TASK PROMPT >> When you come to the line with "this 1080×1920 image.", begin repeating; continue exactly through the final line of the records and include nothing from before.

LISTED RECORDS >>
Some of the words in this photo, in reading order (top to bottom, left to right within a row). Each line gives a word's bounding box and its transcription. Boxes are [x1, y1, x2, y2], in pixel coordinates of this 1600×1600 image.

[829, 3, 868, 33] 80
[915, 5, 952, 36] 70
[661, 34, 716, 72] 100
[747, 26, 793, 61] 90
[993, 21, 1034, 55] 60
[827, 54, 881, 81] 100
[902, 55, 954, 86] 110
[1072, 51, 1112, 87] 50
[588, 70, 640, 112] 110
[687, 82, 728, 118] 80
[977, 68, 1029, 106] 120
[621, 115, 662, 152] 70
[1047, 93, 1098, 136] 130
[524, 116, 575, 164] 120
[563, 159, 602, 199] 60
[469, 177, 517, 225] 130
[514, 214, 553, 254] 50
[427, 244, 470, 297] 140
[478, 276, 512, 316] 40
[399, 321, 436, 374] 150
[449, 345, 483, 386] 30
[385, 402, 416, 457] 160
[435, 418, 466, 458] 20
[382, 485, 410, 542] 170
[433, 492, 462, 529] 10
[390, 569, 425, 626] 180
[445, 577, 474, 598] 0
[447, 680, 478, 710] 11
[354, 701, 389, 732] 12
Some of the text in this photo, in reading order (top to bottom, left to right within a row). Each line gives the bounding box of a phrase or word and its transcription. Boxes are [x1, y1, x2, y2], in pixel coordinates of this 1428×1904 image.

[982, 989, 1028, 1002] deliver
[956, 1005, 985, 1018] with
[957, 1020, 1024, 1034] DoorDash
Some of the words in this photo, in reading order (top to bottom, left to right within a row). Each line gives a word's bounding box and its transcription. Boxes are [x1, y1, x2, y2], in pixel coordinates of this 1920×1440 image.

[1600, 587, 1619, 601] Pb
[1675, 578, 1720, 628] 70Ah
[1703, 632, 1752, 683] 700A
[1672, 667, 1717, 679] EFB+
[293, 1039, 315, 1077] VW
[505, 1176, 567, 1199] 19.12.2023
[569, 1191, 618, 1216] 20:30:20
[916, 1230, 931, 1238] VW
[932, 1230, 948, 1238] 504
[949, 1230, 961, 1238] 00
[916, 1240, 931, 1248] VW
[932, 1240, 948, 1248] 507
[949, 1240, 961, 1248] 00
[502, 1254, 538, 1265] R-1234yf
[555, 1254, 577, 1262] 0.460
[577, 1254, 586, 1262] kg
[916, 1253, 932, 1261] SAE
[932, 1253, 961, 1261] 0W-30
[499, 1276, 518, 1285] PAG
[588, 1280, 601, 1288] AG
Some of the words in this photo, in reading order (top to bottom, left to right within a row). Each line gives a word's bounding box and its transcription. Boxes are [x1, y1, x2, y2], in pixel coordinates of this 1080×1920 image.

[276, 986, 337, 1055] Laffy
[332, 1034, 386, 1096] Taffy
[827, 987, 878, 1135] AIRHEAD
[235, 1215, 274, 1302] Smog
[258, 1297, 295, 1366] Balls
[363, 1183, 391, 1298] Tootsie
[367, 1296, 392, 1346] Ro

PROBLEM SOLUTION >>
Some of the words in this photo, in reading order (top to bottom, left to right within a row). Each line gives a word's bounding box and its transcription. Boxes are [x1, y1, x2, y2], in pixel coordinates of this 1080×1920 image.

[276, 986, 337, 1055] Laffy
[332, 1034, 386, 1096] Taffy
[827, 987, 878, 1135] AIRHEAD
[235, 1215, 274, 1302] Smog
[258, 1297, 295, 1366] Balls
[363, 1183, 391, 1298] Tootsie
[367, 1296, 392, 1346] Ro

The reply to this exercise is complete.